Mark Cavendish will race at Scheldeprijs this week, after recently suggesting his career might be over.
The British sprinting superstar was emotional at the finish of Ghent-Wevelgem last weekend, suggesting that the Belgian Classic may have been the last race of his career.
Bahrain-McLaren had previously announced that Cavendish would be racing both Ghent-Wevelgem and Scheldeprijs, but the team have now confirmed the 35-year-old will definitely race after his comments.
After spending most of Sunday’s Ghent-Wevelgem in the breakaway, Cavendish was in tears at the finish and told Dutch broadcast Sporza: “That’s perhaps the last race of my career that, I’m a bit…” he replies, his voice breaking up.
A reporter then asked if Cavendish really thinks it’s the last race of his career.
“Maybe, yeah…” was the response.
His emotional response sparked a huge outpouring of support for arguably the greatest sprinter ever, with his friend Sir Bradley Wiggins saying the 30-time Tour de France stage winner deserves a better retirement.
Cavendish is currently in contract talks for 2021 with Bahrain-McLaren, which is now run by his old mentor and coach Rod Ellingworth.
His comments sparked a lot of speculation about his potential retirement, but Cavendish is not done yet as he will race Scheldeprijs on Wednesday (October 14), having had plenty of success there in the past.
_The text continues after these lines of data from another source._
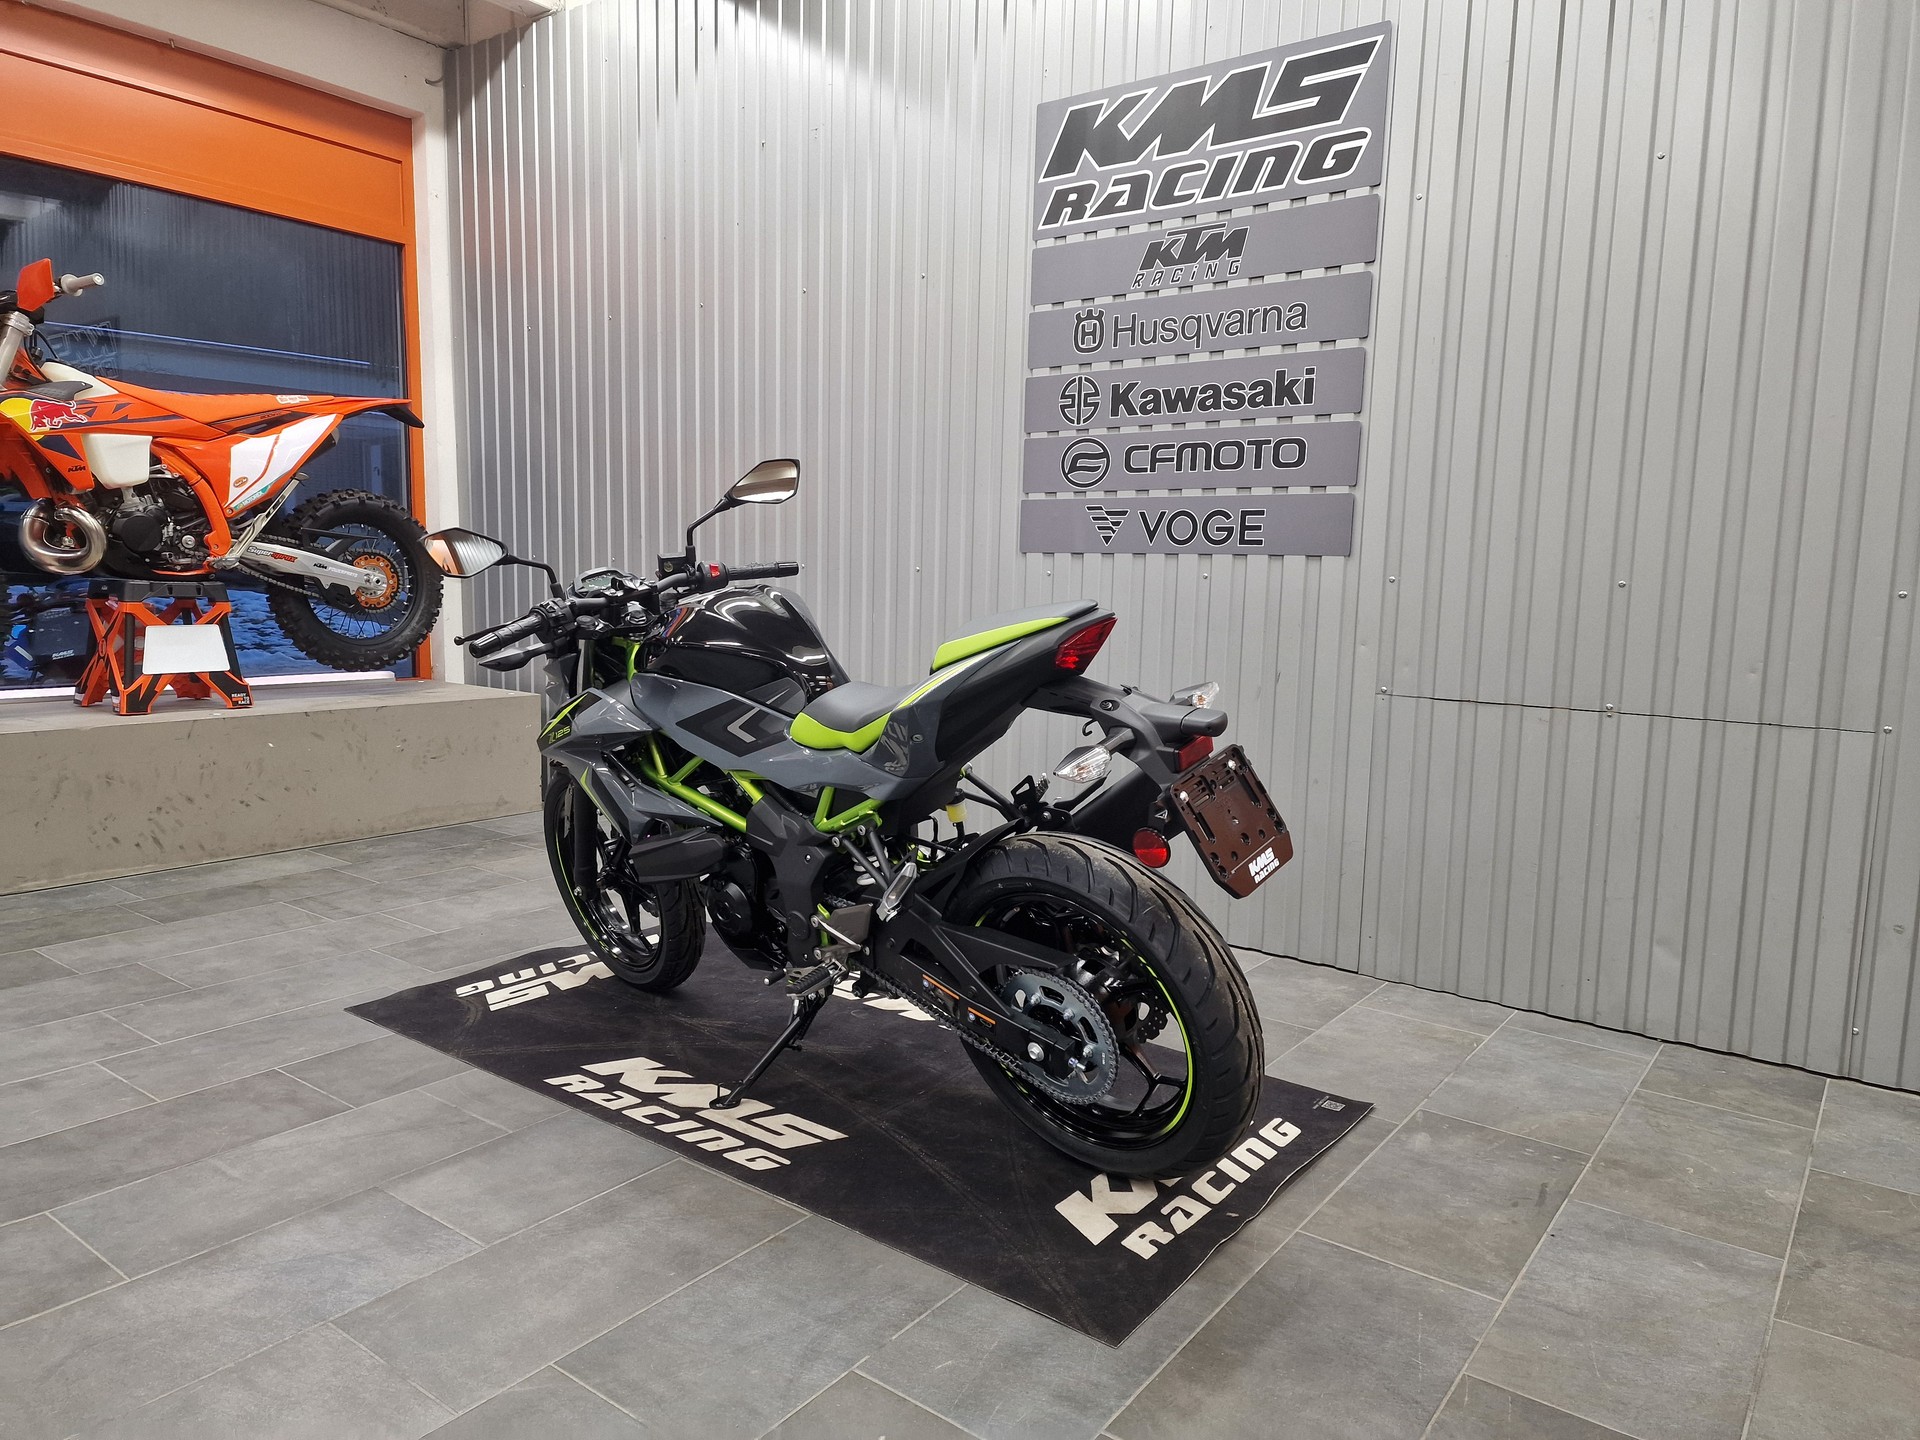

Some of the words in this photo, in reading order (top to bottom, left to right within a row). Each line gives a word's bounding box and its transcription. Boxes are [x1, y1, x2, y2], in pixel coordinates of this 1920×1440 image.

[1038, 34, 1385, 183] KMS
[1037, 127, 1372, 230] RACING
[1138, 222, 1250, 272] KTM
[1131, 258, 1241, 290] RACING
[1112, 301, 1309, 350] Husqvarna
[1109, 366, 1317, 418] Kawasaki
[67, 464, 86, 473] KTM
[1124, 436, 1308, 474] CFMOTO
[1138, 508, 1266, 546] VOGE
[313, 562, 328, 570] KTM
[548, 726, 570, 744] Z125
[1249, 847, 1275, 876] KMS
[1254, 858, 1280, 883] RACING
[456, 952, 592, 998] CING
[485, 962, 616, 1012] MS
[543, 1074, 792, 1171] RACING
[580, 1057, 849, 1150] KMS
[1121, 1118, 1301, 1260] RACING
Cavendish made his Scheldeprijs debut in 2007, winning at his first attempt. He followed up with victories in 2008 and 2011, then finishing second in 2013 and 2016.
Scheldeprijs will take place with the route redesigned due to coronavirus restrictions, now featuring 10 laps of a 17.4km-long finishing circuit in Schoten.
The race has been dominated by the sprinters, with Marcel Kittel winning five out of six editions between 2012 and 2017, while the last two years it have been won by Fabio Jakobsen (Deceuninck – Quick-Step), who is still out due to injury.